Investigators from the CDC, FDA, and state and local health departments are tracing back the spinach eaten by victims to specific farms and processing plants, in an effort to pinpoint the source of the outbreak. That process began Sept. 8, when Wisconsin health officials called the CDC to report four cases of hemolytic-uremic syndrome, an unusually high number. On Sept. 14, the investigators concluded that fresh spinach was the most likely source of the E. coli outbreak. Investigators started checking Salinas Valley farms on Monday. Epidemiological investigations are painstaking, and often difficult, because of the many potential sources of contamination, and the fact that the prime evidence was eaten days before the victims got sick.
The USDA continuously inspects all slaughterhouses in an effort to reduce E. coli contamination in meat. But the Food and Drug Administration, which has oversight of food safety for fresh fruit and vegetables, does not have a similar inspection or enforcement program. "In light of continuing outbreaks, it is clear more needs to be done," Bob Brackett, director of the FDA's Center for Food Safety and Applied Sciences, told lettuce growers last November. Last month, the FDA issued a "Lettuce Safety Initiative," calling for more visits to farms and processing plants. "I'd like to see a robust program where everyone's thinking food safety 24-7," says Powell. "There are a lot of good growers, but you're only as good as your weakest link."
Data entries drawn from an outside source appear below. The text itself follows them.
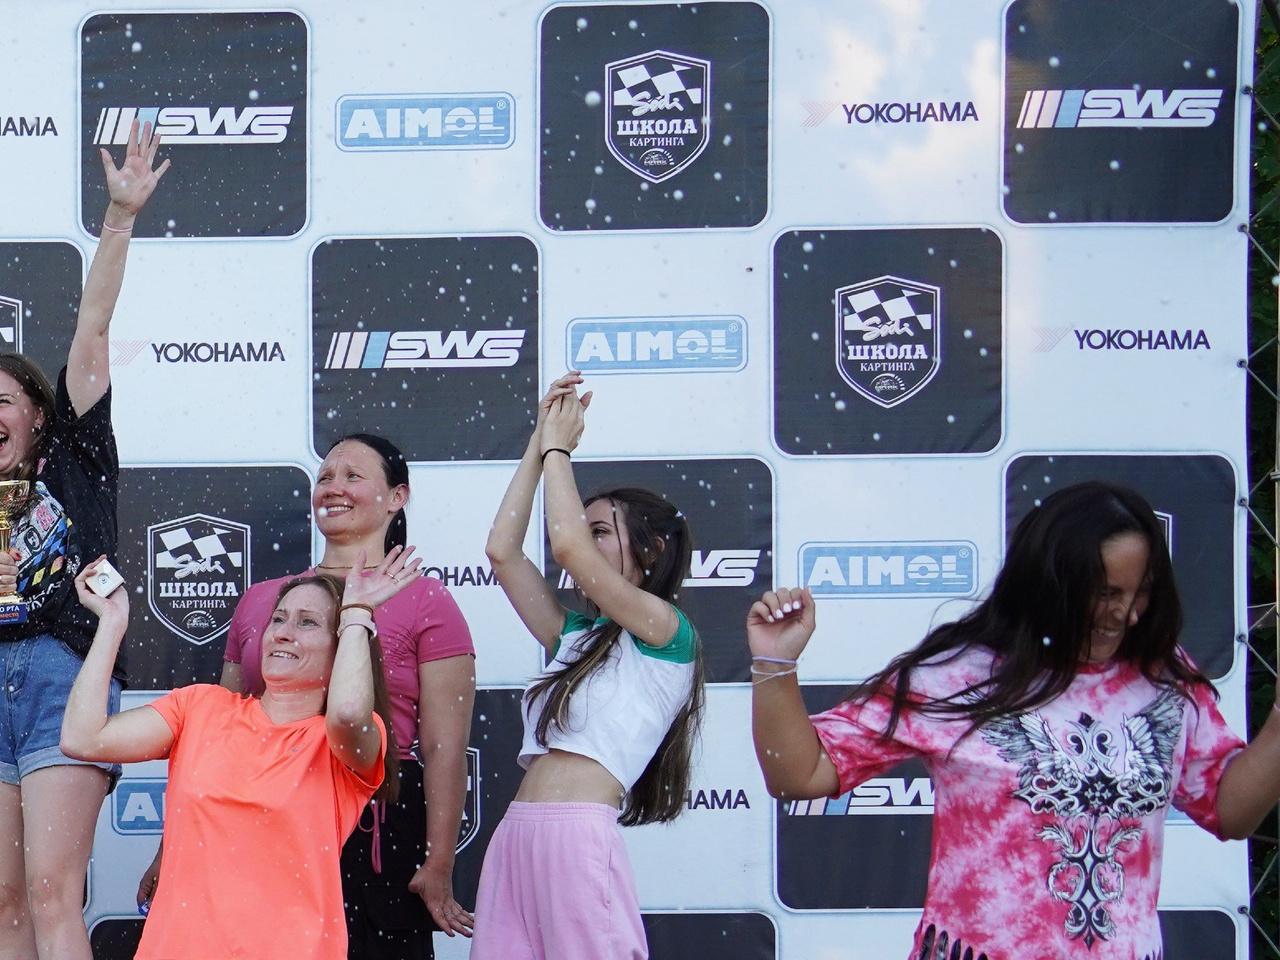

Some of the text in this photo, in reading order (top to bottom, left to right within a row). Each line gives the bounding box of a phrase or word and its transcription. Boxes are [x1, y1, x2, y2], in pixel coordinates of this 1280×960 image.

[842, 101, 979, 124] YOKOHAMA
[1076, 89, 1223, 128] SWS
[151, 106, 294, 144] SWS
[345, 107, 505, 139] AIMOL
[617, 119, 697, 135] ШКОЛА
[629, 137, 685, 147] КАРТИНГА
[384, 329, 526, 368] SWS
[575, 330, 736, 362] AIMOL
[1074, 329, 1211, 350] YOKOHAMA
[151, 341, 286, 363] YOKOHAMA
[847, 344, 928, 360] ШКОЛА
[860, 363, 915, 371] КАРТИНГА
[807, 555, 967, 586] AIMOL
[160, 582, 239, 597] ШКОЛА
[172, 600, 227, 608] КАРТИНГА
[847, 777, 935, 815] SW
Consumer groups say more vigorous oversight is needed. "At this point we don't have a solution," says Dean Cliver, professor of food safety at the University of California-Davis. "It's really troubling."
Should I stop eating salad?
No, say nutritionists; the health benefits still outweigh the risks. But those risks do exist. People worried about potential E. coli contamination in salad greens can switch to cooked spinach, kale, and broccoli and reap the same health benefits.